The bottom section groups the detail table three ways:
- Models — per model: Input Tokens / Input Cached Tokens / Output Tokens / Total Tokens, API Requests, Last Active.
- Users — per user (admins only).
- API Keys — per API key.
GPU Instances
GPU and CPU instance runtime. KPIs: GPU Hours, Instance Hours, Active Instances, Active Users. Choose GPU Hours or Instance Hours as the chart metric, and group the trend by instance type, instance, or user.
The detail table groups by:
- Instance Types — per instance type: GPU Hours, Instance Hours, Active Instances, Last Active.
- Instances — per individual instance.
- Users — per user (admins only).
Note
CPU instances have no accelerator, so they contribute to Instance Hours but not to GPU Hours.
Storage
Storage capacity usage. KPIs: GB-Days, GB-Hours, Active Storages, Active Users. Choose GB-Days or GB-Hours as the chart metric and group by storage or user.
The detail table groups by:
- Storage — per volume: Type, Capacity, GB-Days, GB-Hours, Last Active.
- Users — per user (admins only).
Note
Because storage is metered from creation to deletion regardless of attachment, storage that exists but is idle still accrues GB-Days/GB-Hours.
Resource Events
The lifecycle audit log behind the compute and storage numbers — one row per metering-relevant transition. Useful for explaining why a number looks the way it does.
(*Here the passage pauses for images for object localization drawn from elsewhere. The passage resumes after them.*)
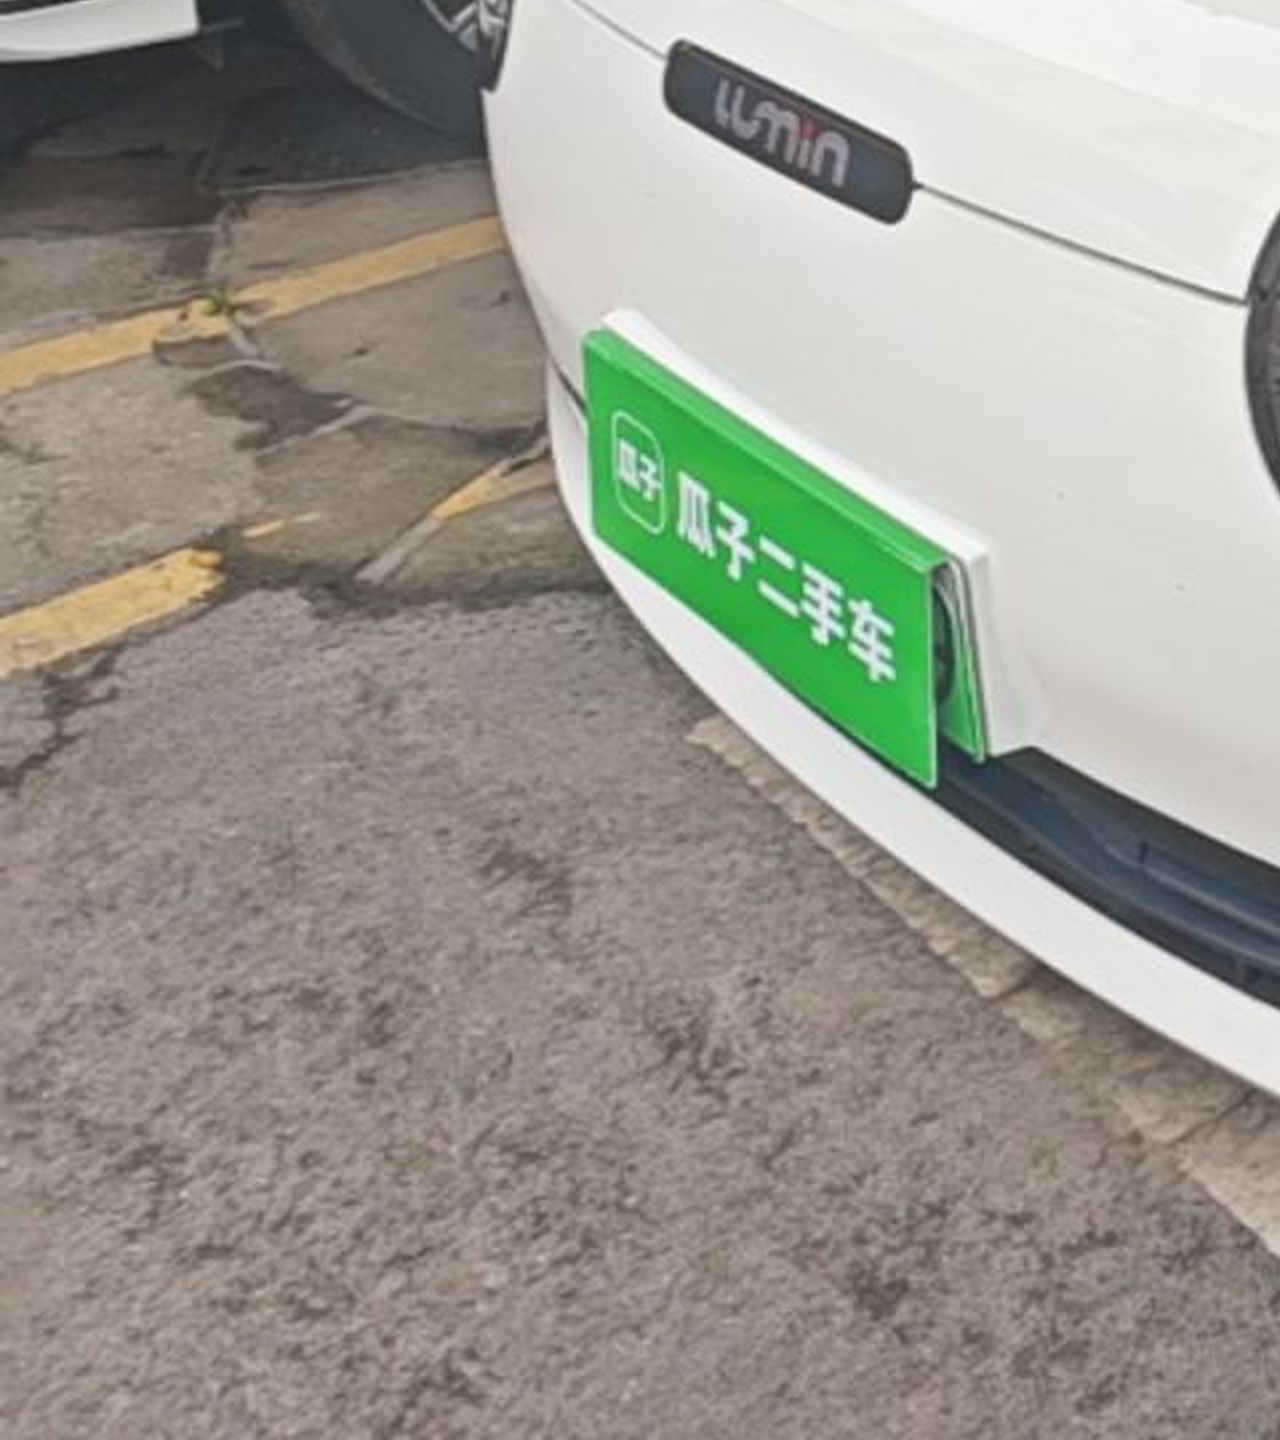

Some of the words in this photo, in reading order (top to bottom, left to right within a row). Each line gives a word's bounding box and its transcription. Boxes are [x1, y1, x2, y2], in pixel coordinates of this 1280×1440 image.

[617, 437, 661, 503] 瓜子
[675, 469, 897, 684] 瓜子二手车
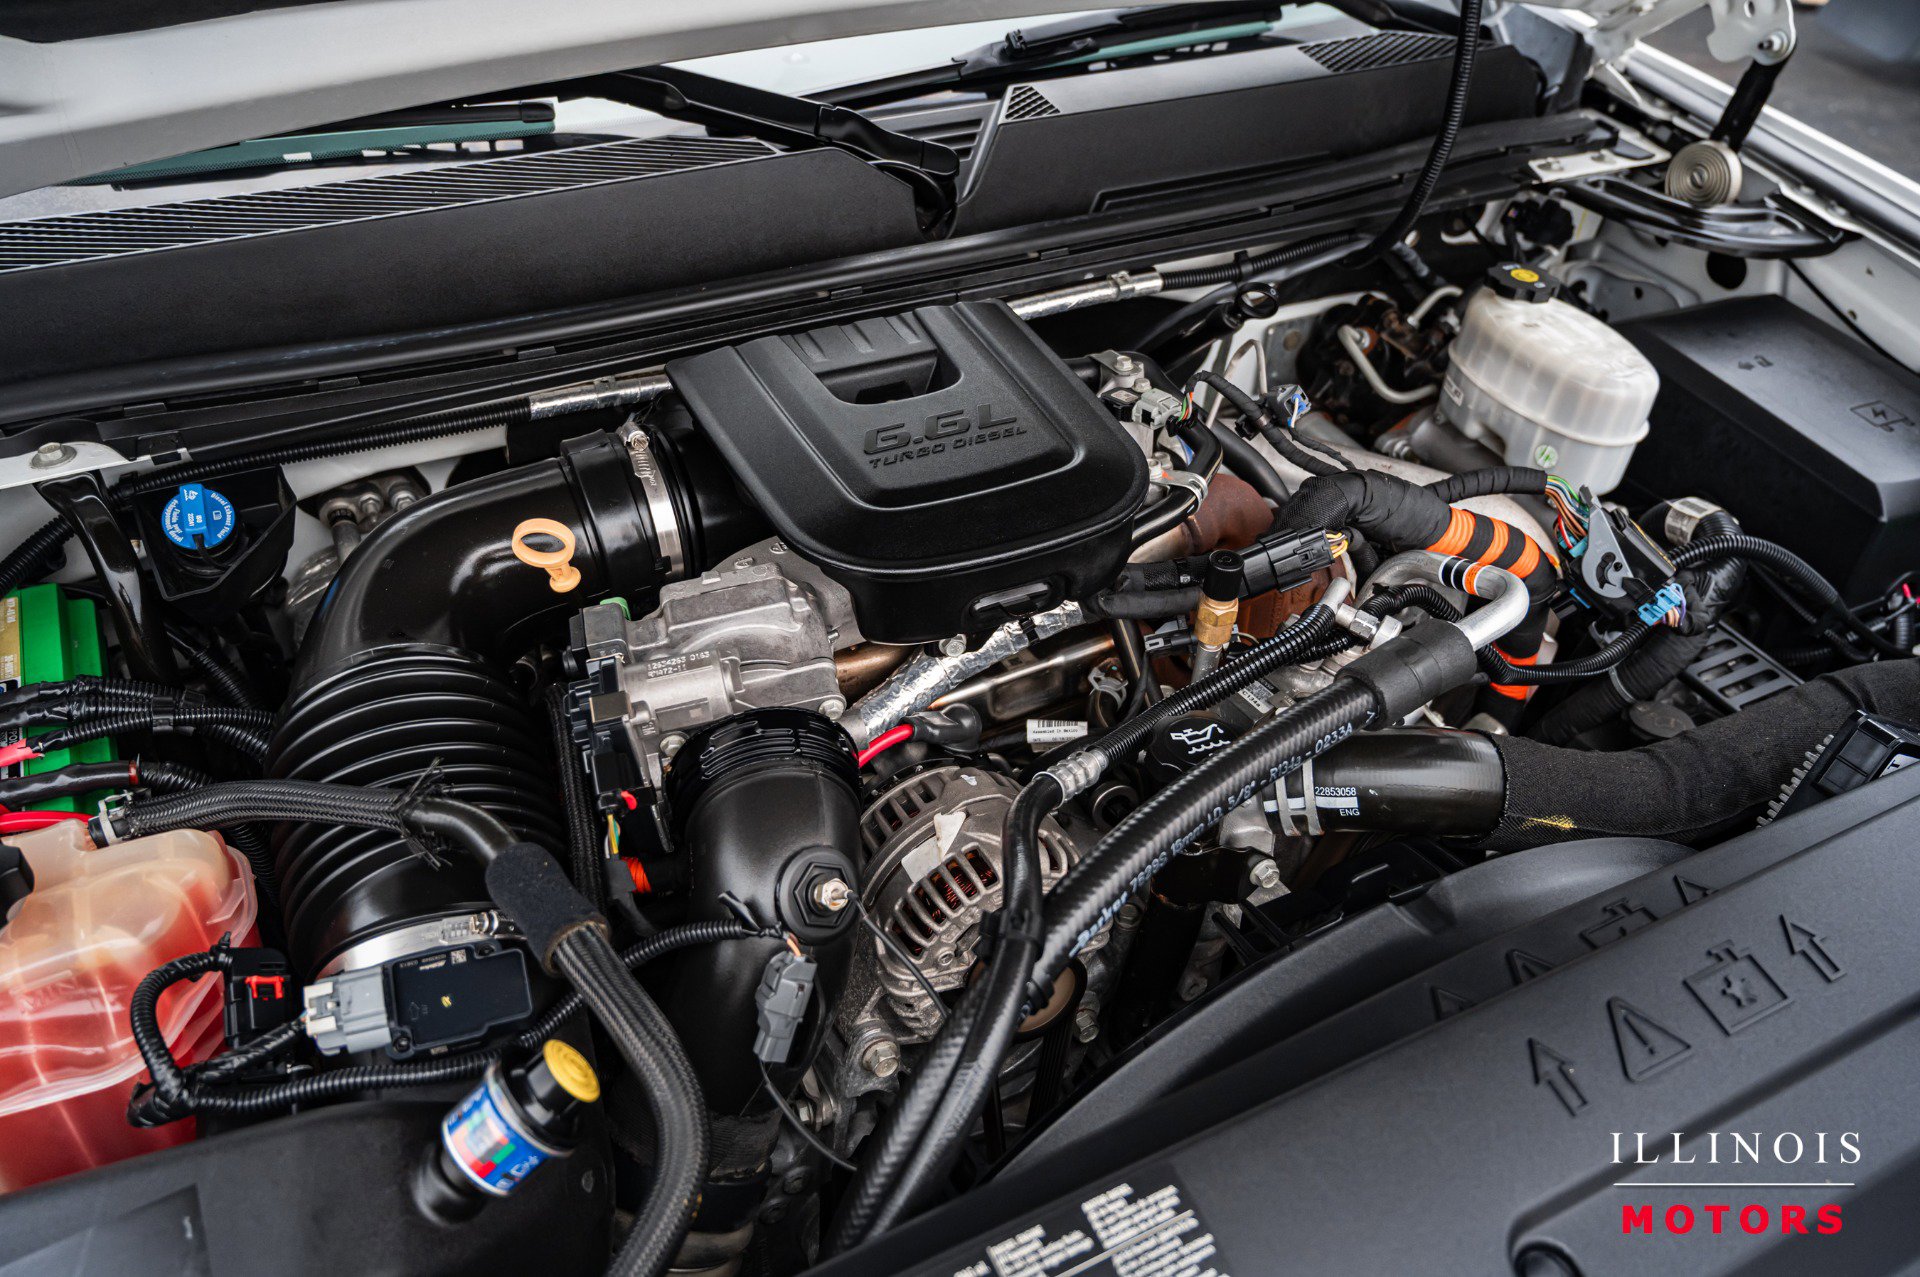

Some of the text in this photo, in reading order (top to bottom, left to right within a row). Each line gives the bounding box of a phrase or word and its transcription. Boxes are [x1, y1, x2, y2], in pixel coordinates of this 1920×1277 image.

[863, 403, 1018, 455] 6.6L
[868, 425, 1028, 469] TURBO DIESEL
[224, 504, 233, 527] Exhaust
[1314, 786, 1357, 796] 22853058
[1339, 808, 1360, 816] ENG
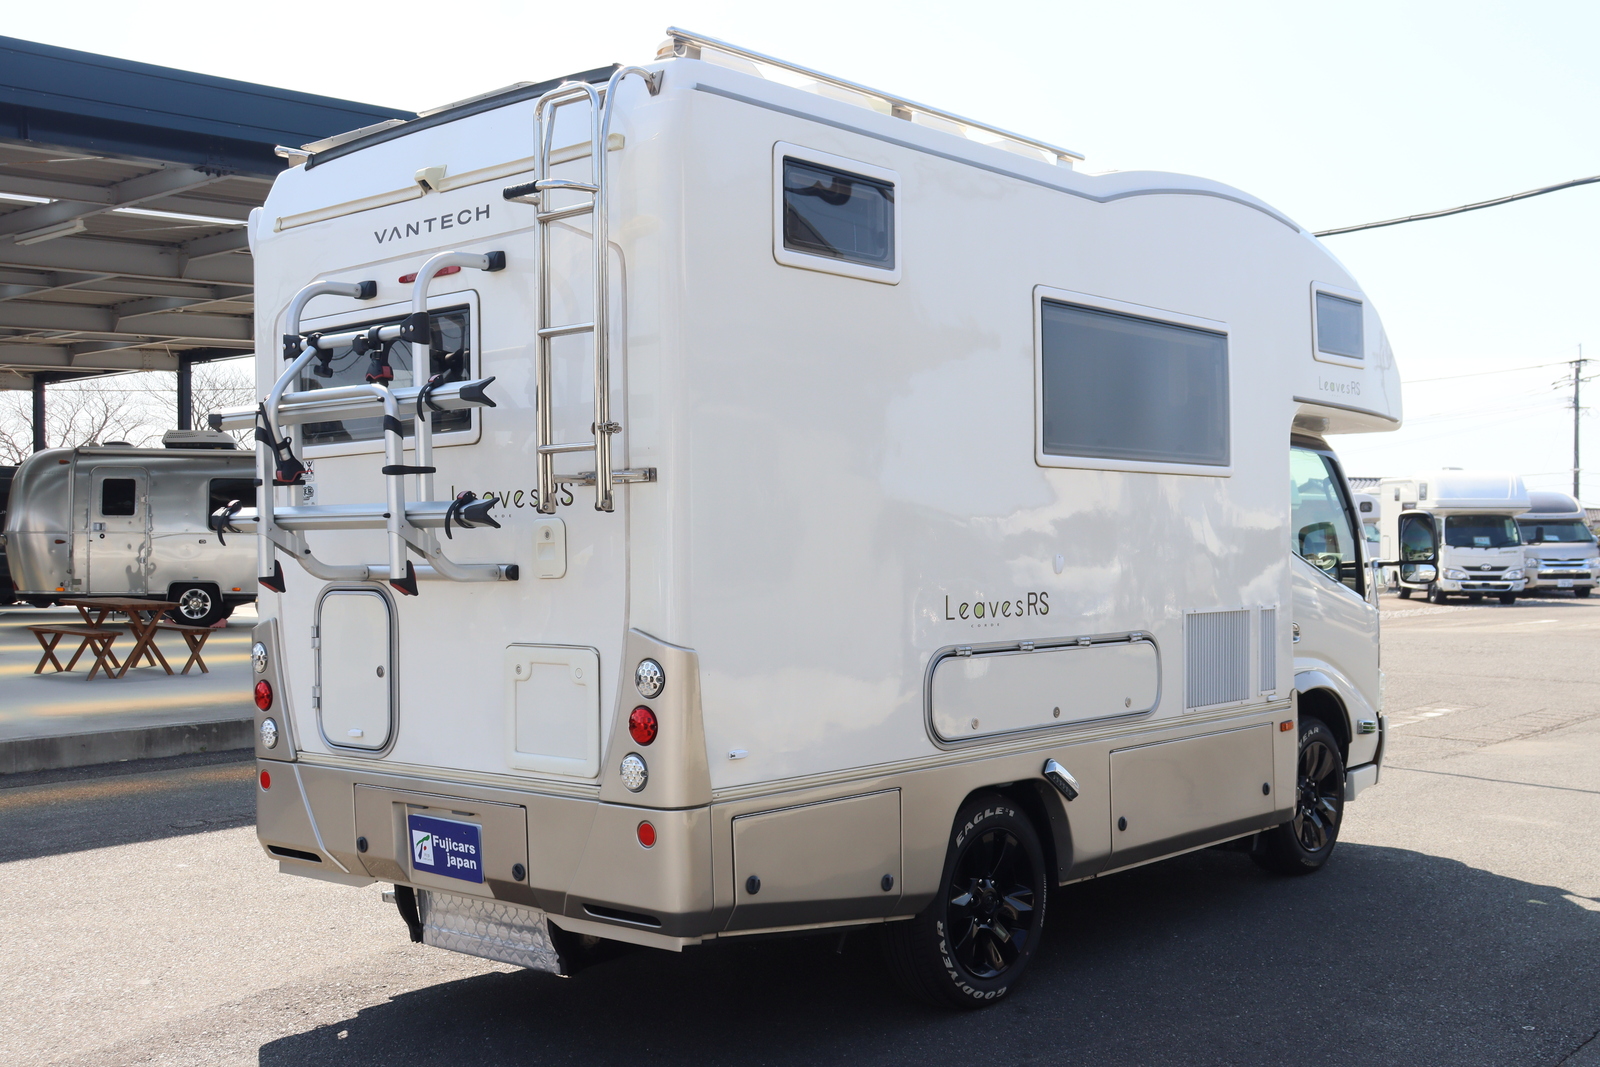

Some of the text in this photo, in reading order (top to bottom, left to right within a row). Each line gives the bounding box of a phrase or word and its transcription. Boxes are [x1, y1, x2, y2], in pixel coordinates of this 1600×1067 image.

[373, 203, 491, 245] VANTECH
[432, 834, 476, 855] Fujicars
[446, 852, 477, 870] japan
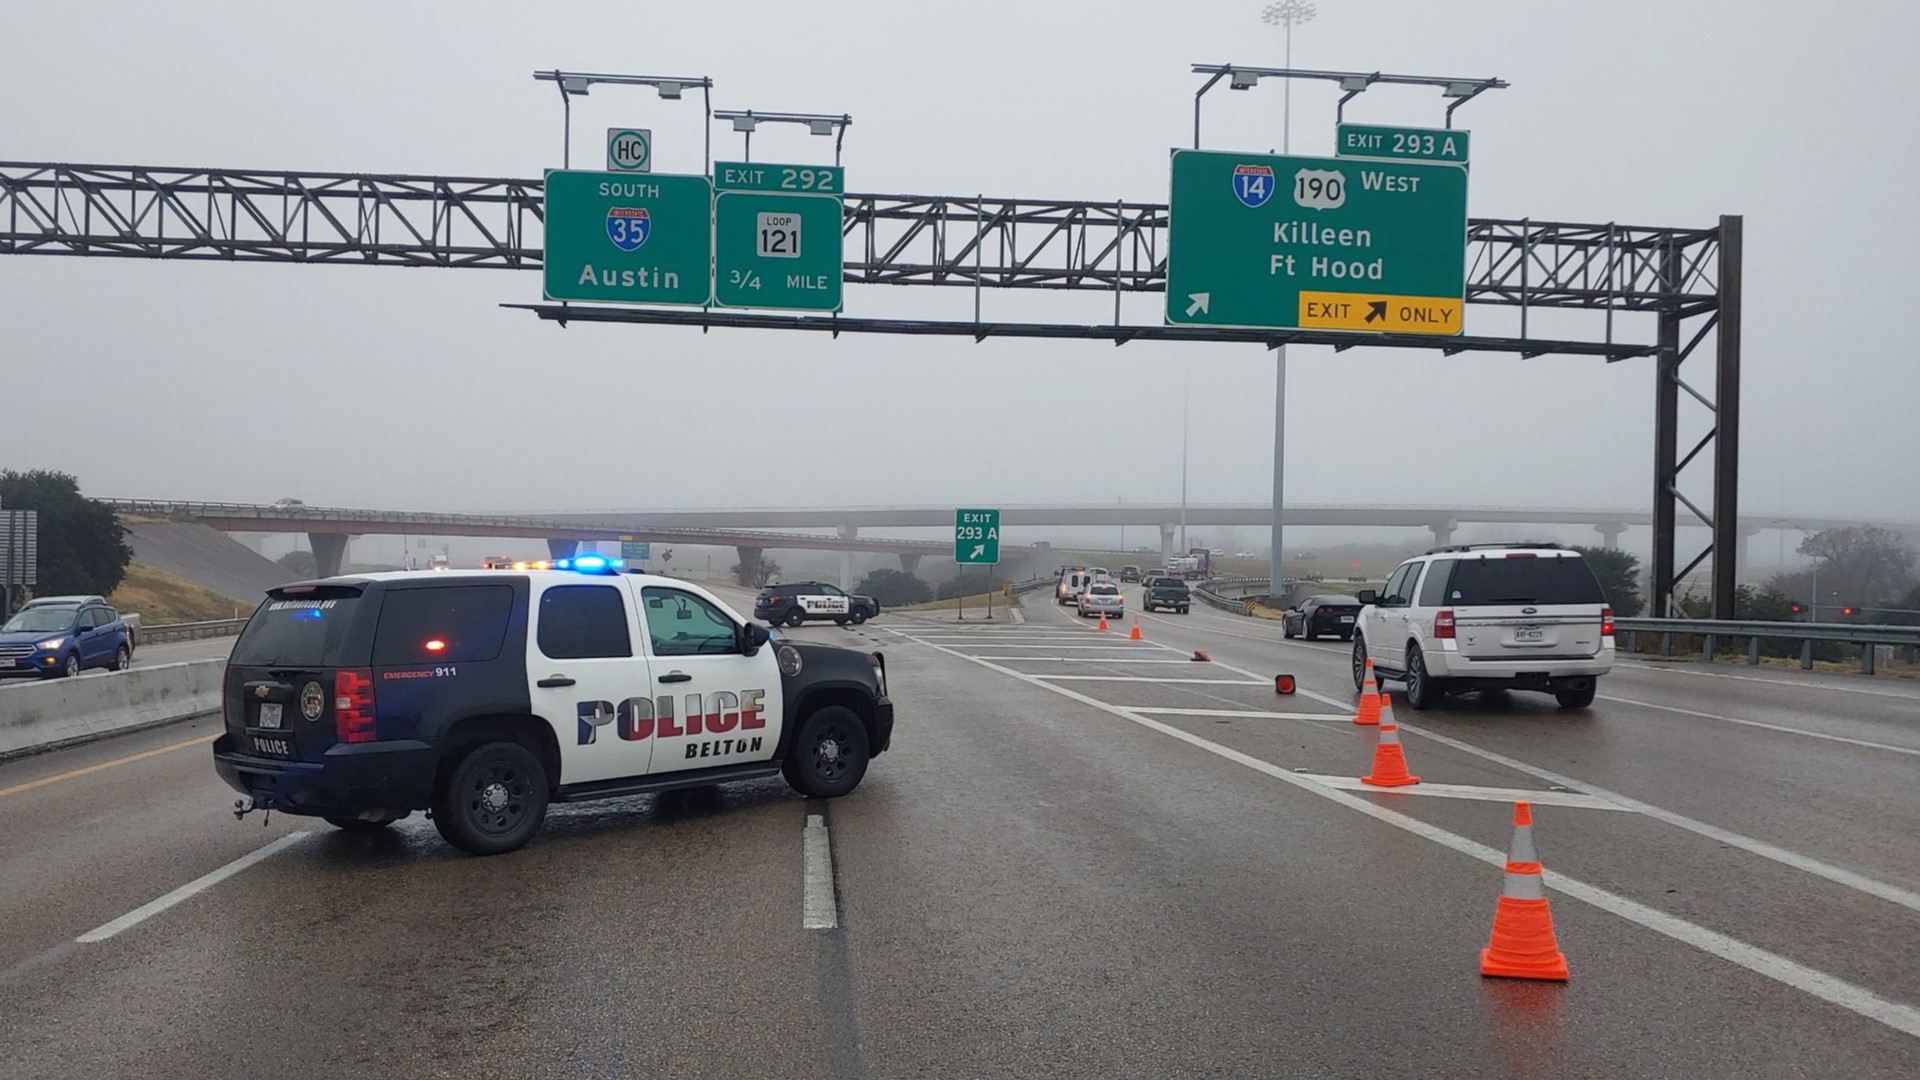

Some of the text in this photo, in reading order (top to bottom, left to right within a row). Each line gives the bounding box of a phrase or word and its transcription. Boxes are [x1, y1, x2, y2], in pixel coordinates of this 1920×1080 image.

Filters: date range, resource type (GPU Instance / Storage), event type, and a fuzzy resource name search.
Timezone
All dates and times on the Usage page — trend buckets, Last Active, and resource-event times — are shown in a single configurable rollup timezone, so every tab lines up on the same calendar boundaries. It is controlled by the GPUSTACK_USAGE_ROLLUP_TIMEZONE server environment variable and defaults to the server's OS local timezone. See Environment Variables for details, including the note on Daylight Saving Time.
Data retention
Token, compute, and storage rollups are retained for about 13 months, after which they are moved to archive tables by a background job. Retention windows and archive schedules are configurable via the GPUSTACK_*_RETENTION_MONTHS and GPUSTACK_*_ARCHIVE_CRON environment variables.